半腔热情 提交于 2019-12-07 07:30:31

our firewall will block my internet access because of so many threads concurrently requesting. Therefore I was looking for a solution how to restrict the count of concurrently running threads.

Pretty sure that the firewall is restricting your number of connections, and thus you want to restrict your number of connections (not threads).

is that SemaphoreSlim wait or waitAsnyc (what is the difference anyway?)

Wait is a synchronous wait - it blocks the calling thread. WaitAsync is an asynchronous wait - it frees the calling thread and resumes executing the current method when the semaphore is available.

should be inside a foreach while adding tasks? Can I just create the task list with linq as I do in my code?

You can do it either way: build up a list explicitly, or use LINQ.

why is there used task.Run?

That's an error in that answer. Task.Run is certainly not needed or desired here.

after which line is executed does the thread start? after task.run or task.whenall?

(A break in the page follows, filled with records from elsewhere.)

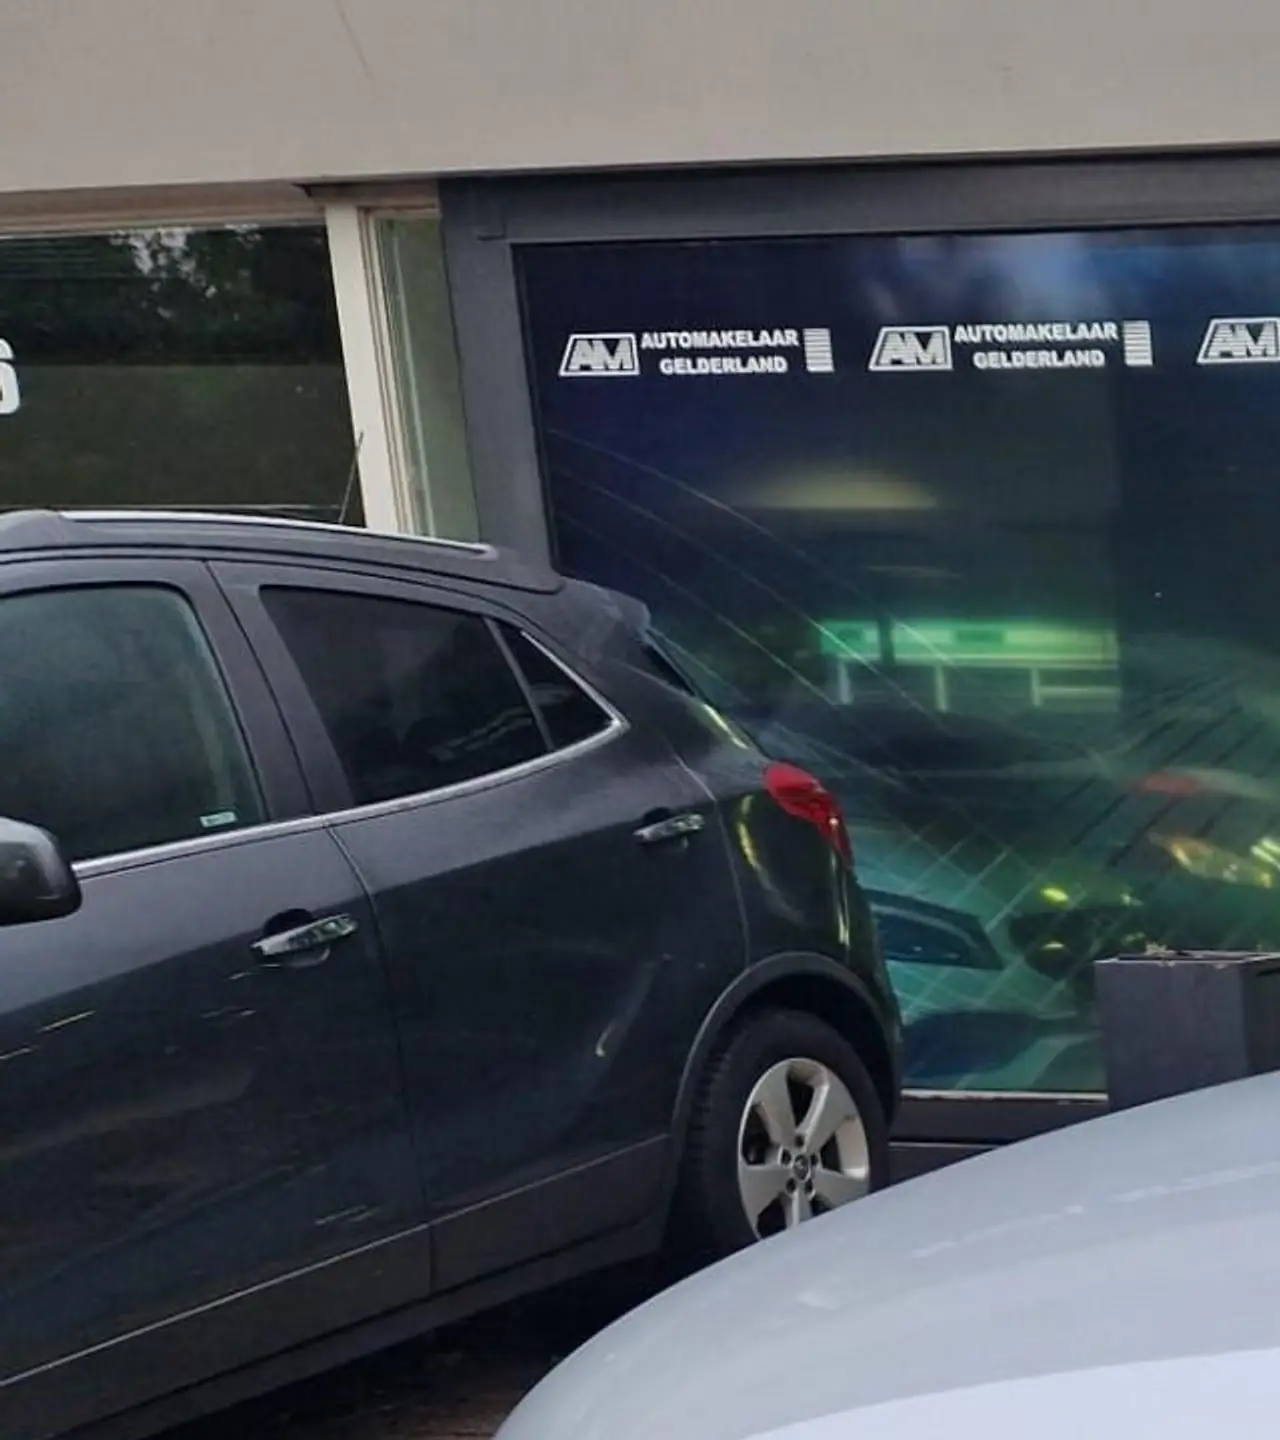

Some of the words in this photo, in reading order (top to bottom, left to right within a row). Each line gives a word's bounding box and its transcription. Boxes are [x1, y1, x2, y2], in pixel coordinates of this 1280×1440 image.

[641, 329, 799, 349] AUTOMAKELAAR
[954, 321, 1118, 343] AUTOMAKELAAR
[1206, 322, 1277, 359] AM
[567, 338, 635, 371] AM
[878, 332, 946, 365] AM
[972, 349, 1105, 369] GELDERLAND
[659, 356, 788, 375] GELDERLAND
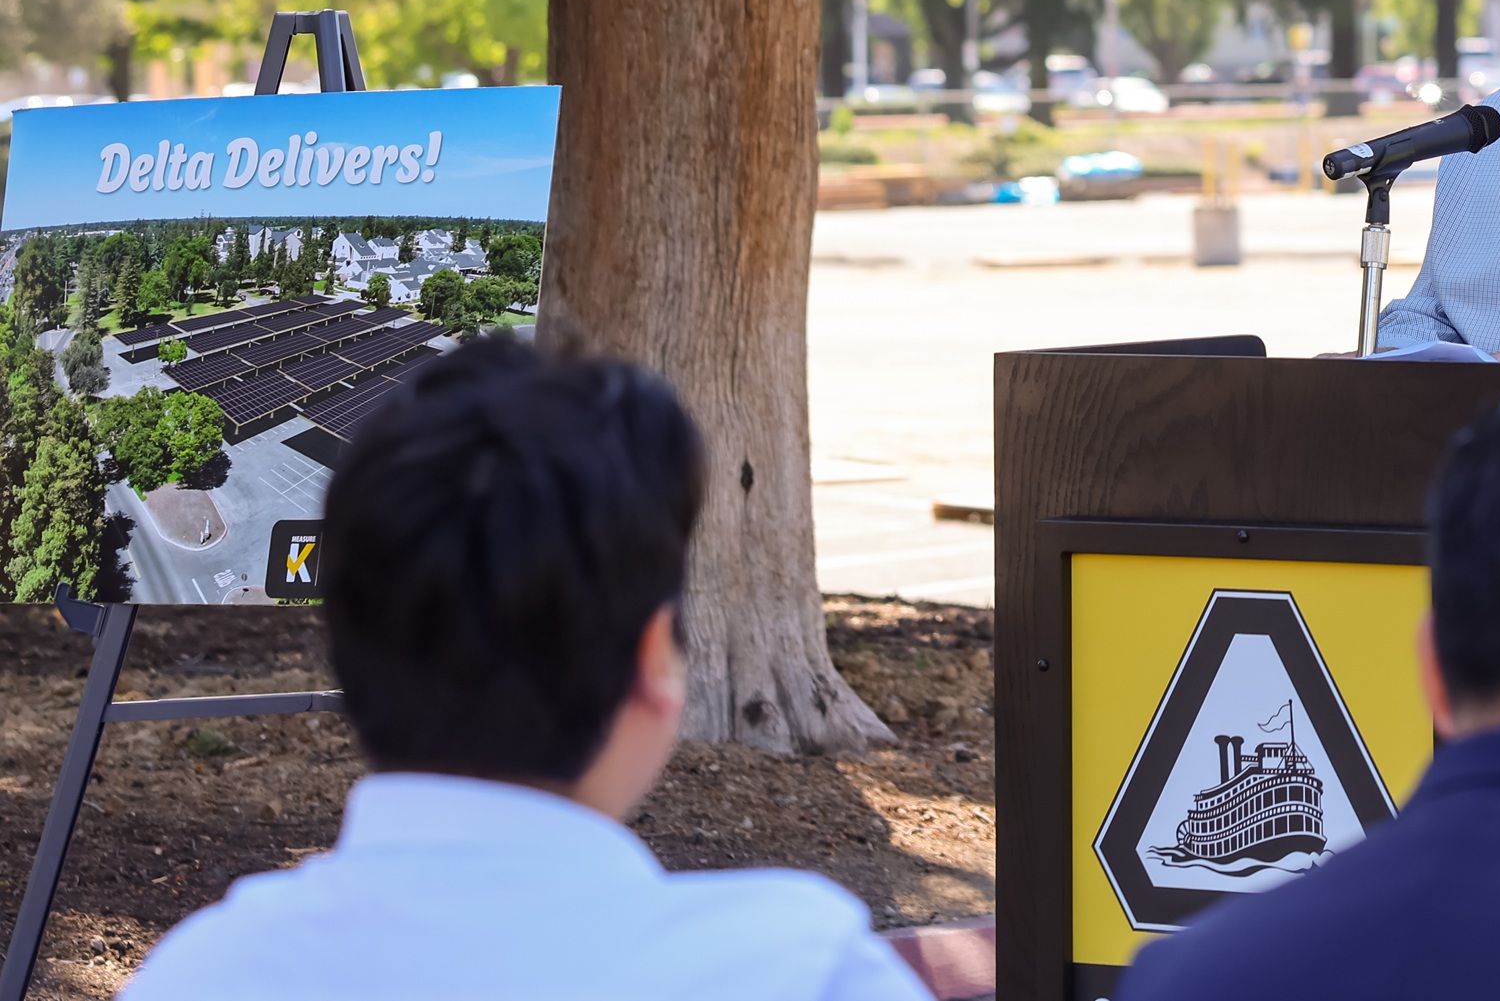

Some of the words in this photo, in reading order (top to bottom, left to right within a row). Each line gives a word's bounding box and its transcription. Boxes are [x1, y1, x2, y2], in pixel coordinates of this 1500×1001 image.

[95, 138, 215, 194] Delta
[222, 130, 443, 190] Delivers!
[286, 543, 316, 582] K
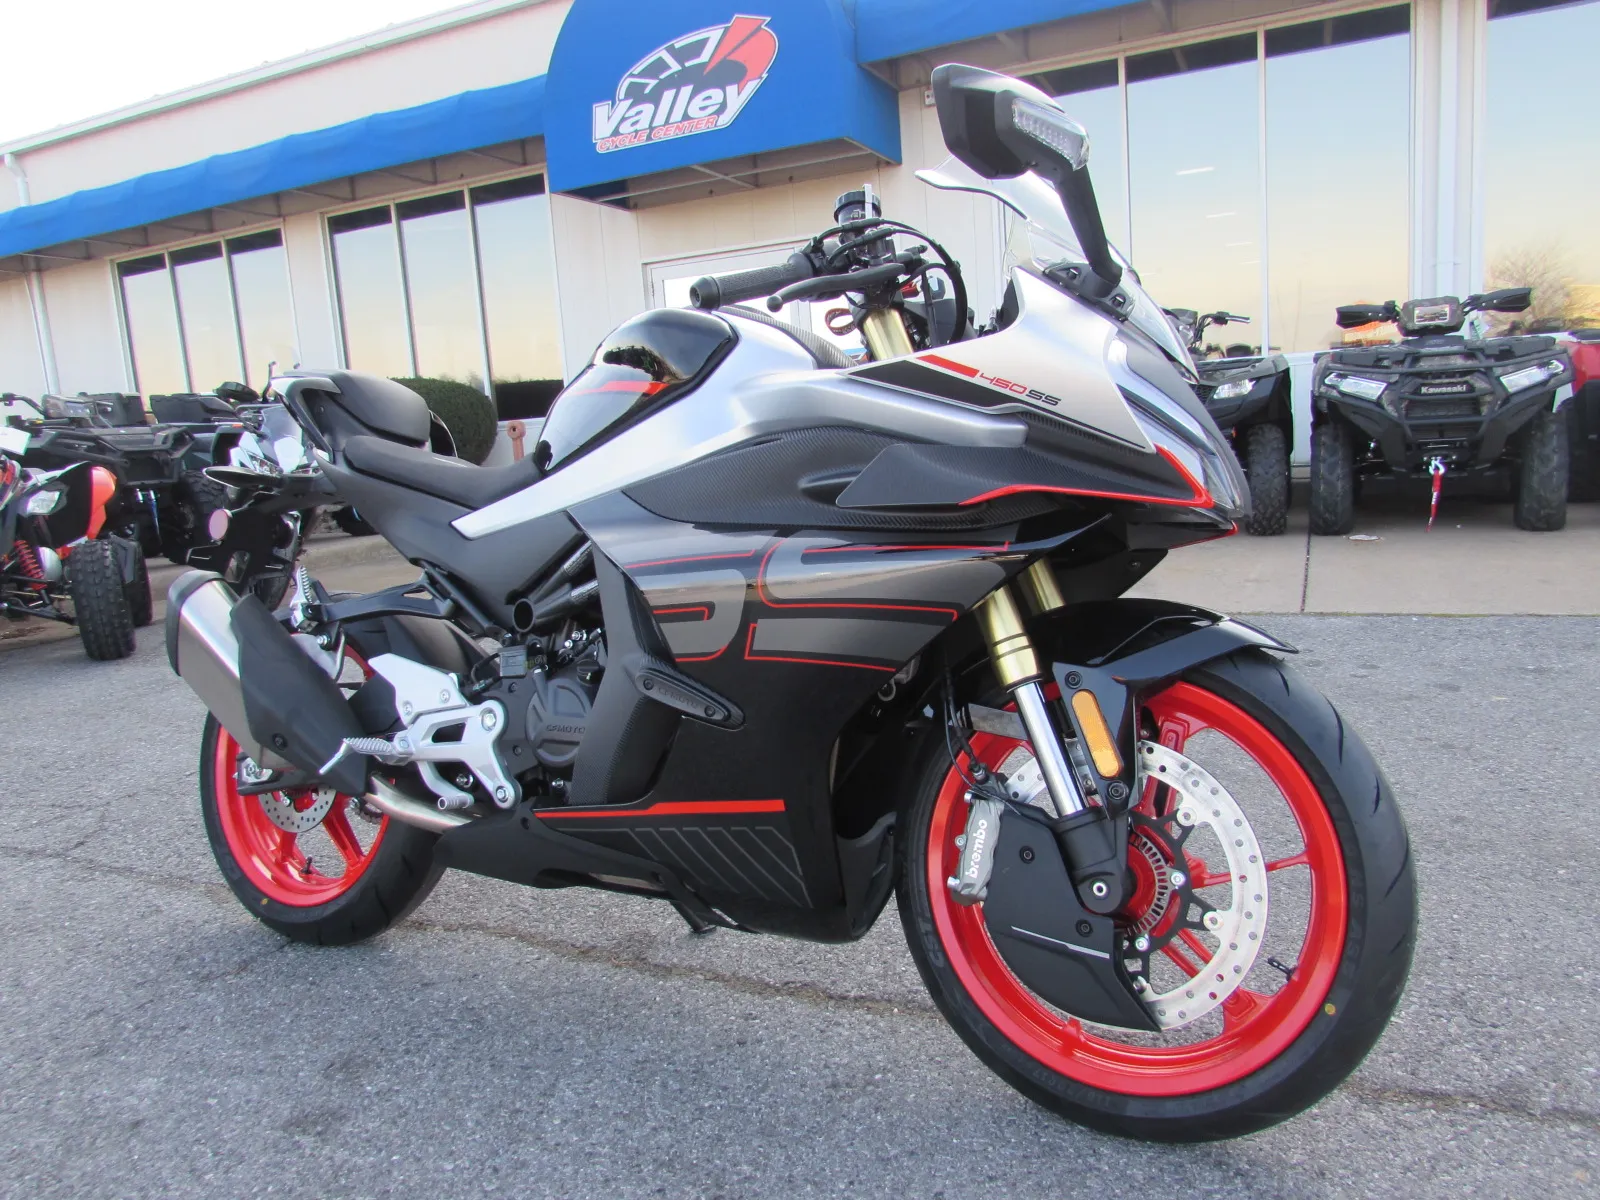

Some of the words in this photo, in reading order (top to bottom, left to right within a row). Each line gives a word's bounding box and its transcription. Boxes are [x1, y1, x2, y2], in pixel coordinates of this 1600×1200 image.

[594, 77, 763, 140] Valley
[598, 130, 649, 151] CYCLE
[652, 115, 717, 139] CENTER
[1421, 384, 1467, 394] Kawasaki
[546, 724, 586, 734] CFMOTO
[965, 819, 988, 879] brembo
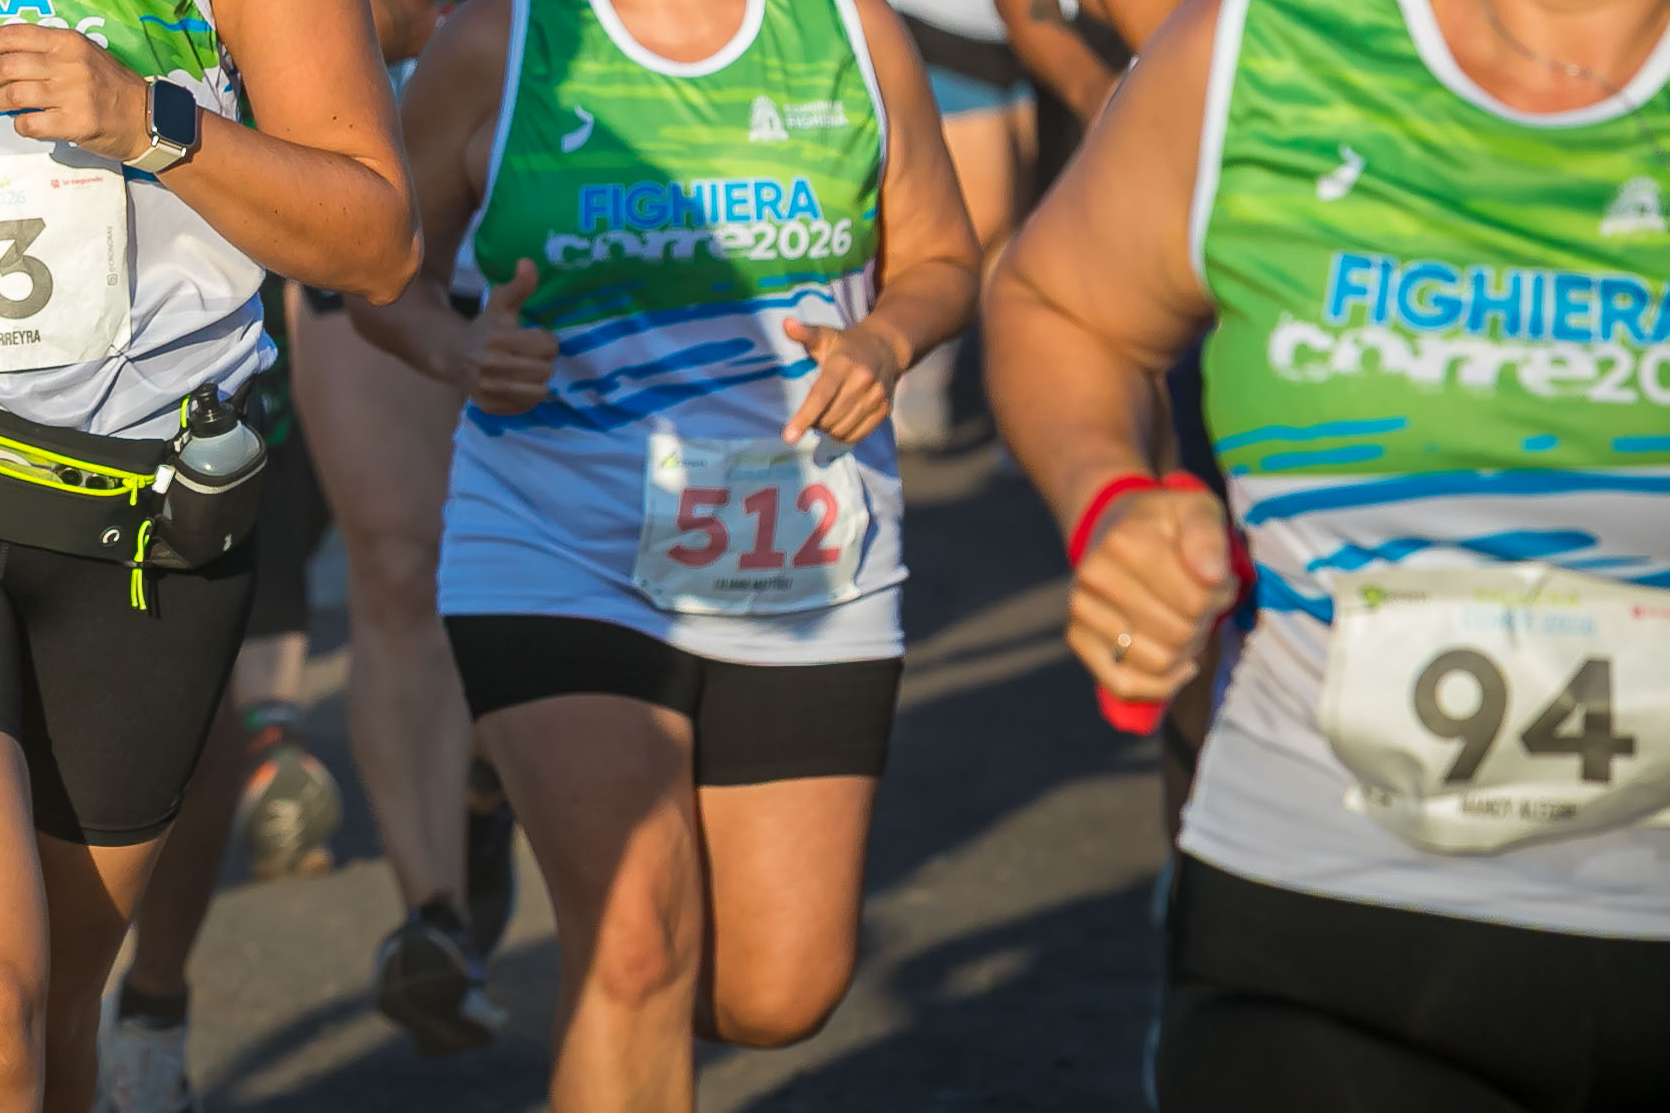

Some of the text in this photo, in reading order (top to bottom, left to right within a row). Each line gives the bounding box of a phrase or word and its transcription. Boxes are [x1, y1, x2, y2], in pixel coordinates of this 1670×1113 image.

[544, 219, 852, 268] corre2026
[577, 176, 822, 232] FIGHIERA
[1326, 250, 1670, 344] FIGHIER
[666, 481, 843, 571] 512
[1413, 646, 1637, 784] 94
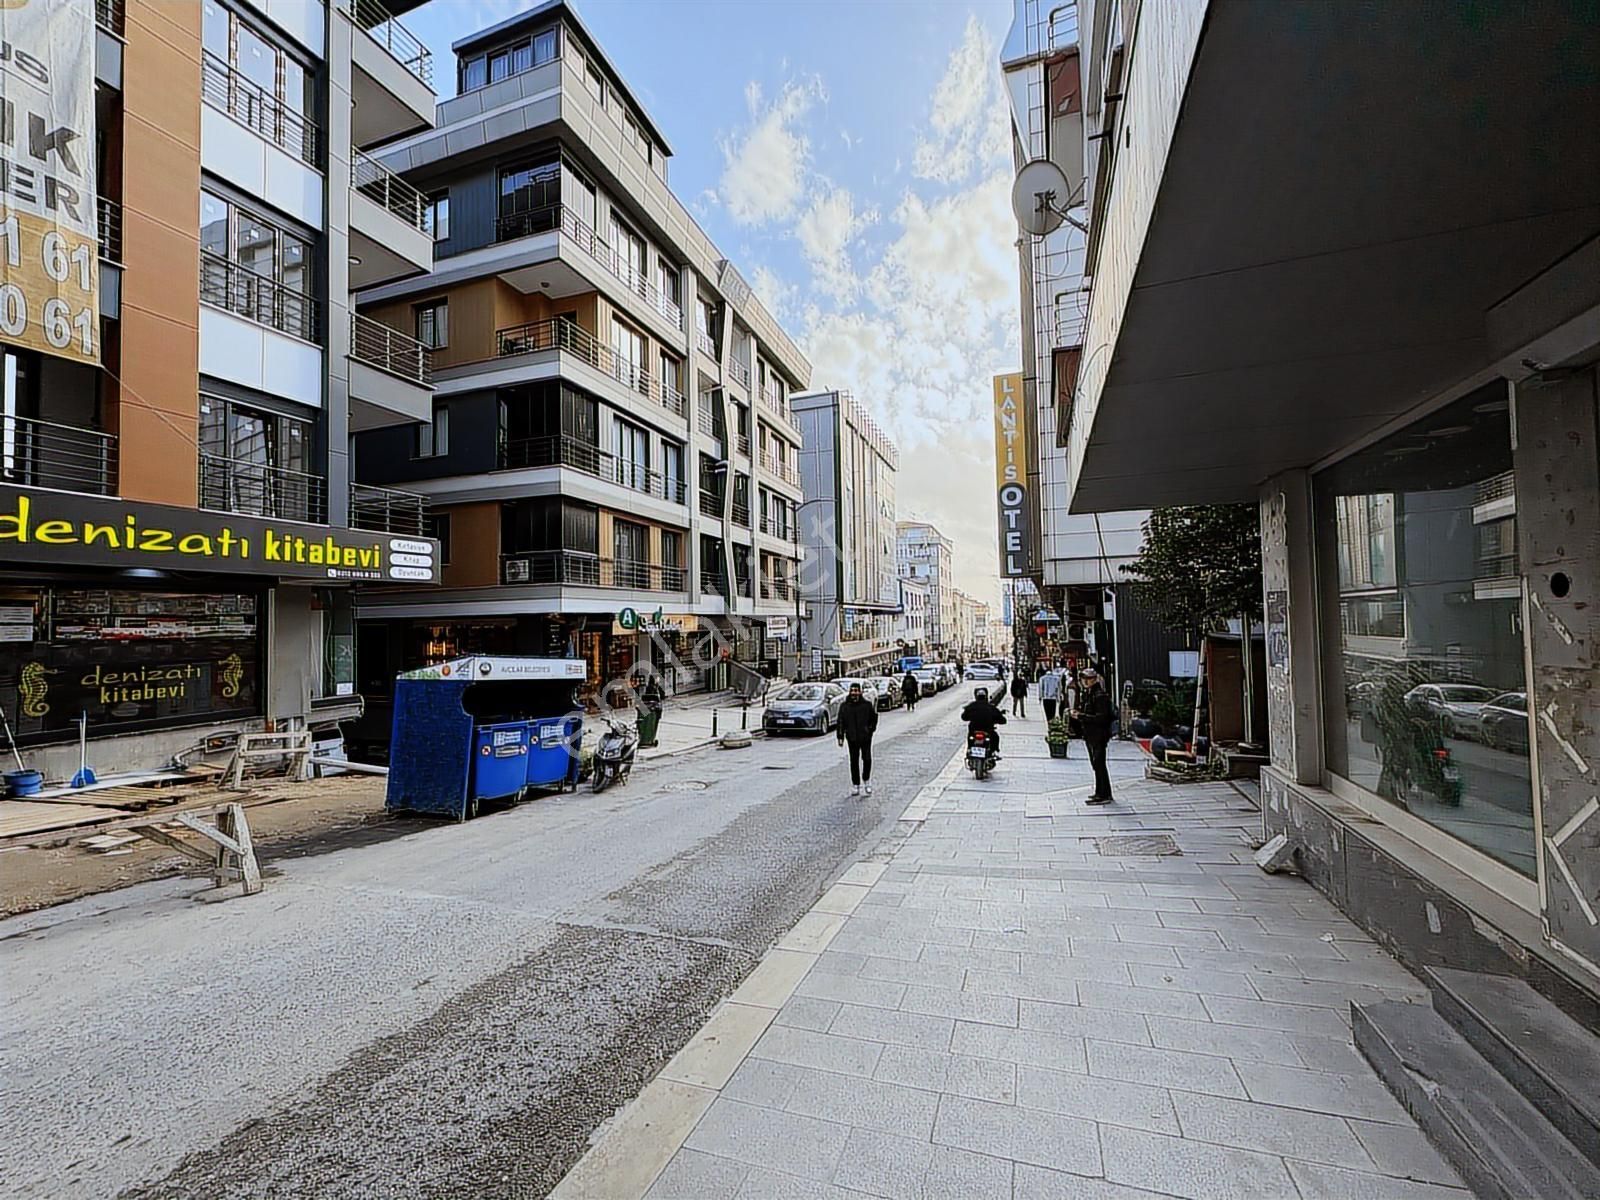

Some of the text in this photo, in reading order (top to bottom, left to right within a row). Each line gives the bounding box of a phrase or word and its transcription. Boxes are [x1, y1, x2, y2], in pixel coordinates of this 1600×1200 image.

[42, 230, 92, 293] 61
[43, 297, 93, 356] 61
[0, 496, 381, 568] denizatı kitabevi
[1001, 486, 1023, 576] OTEL
[81, 664, 201, 686] denizatı
[100, 682, 185, 704] kitabevi

When you call Task.Run, that delegate is queued to the thread pool immediately. But as I said above, you don't want to use Task.Run (it also shouldn't be used in the original answer either).


So, something like this should suffice:

Private _mutex As New SemaphoreSlim(20)
Async Function testUrl_async(myImage As image) As Task(Of image)
    Await _mutex.WaitAsync()
    Try
        Dim myImageurl = myImage.imageurl
        Dim myHttpResponse = Await myHttpClient.GetAsync(myImageurl)
        Return If(myHttpResponse.IsSuccessStatusCode, myImage, Nothing)
    Finally
        _mutex.Release()
    End Try
End Function

You can use Task and SemaphoreSlim like this:

var MaxAllowedConcurrentRequestsCount = 20;
var guard = new SemaphoreSlim(0, MaxAllowedConcurrentRequestsCount);
foreach(var imageUrl in imageUrls)
{
    guard.Wait()
    var image = await Task.Factory.StartNew((imageUrl) => return myHttpClient.Get(imageUrl));
    guard.Release();
    // You can do whaterver you like with image. For example add it to you concurrent list.
}

I assume that you are not inside the WPF or the Windows Form Thread. If you are there will be only one thread working after the await.

As we assume you are not in those threads, the ThreadPool is used to execute the continuations after the await. You can change the amount of Threads used by the pool with ThreadPool.SetMaxThreads but I suggest you don't do that and leave it up to .NET to do the right thing. That is usually the best way.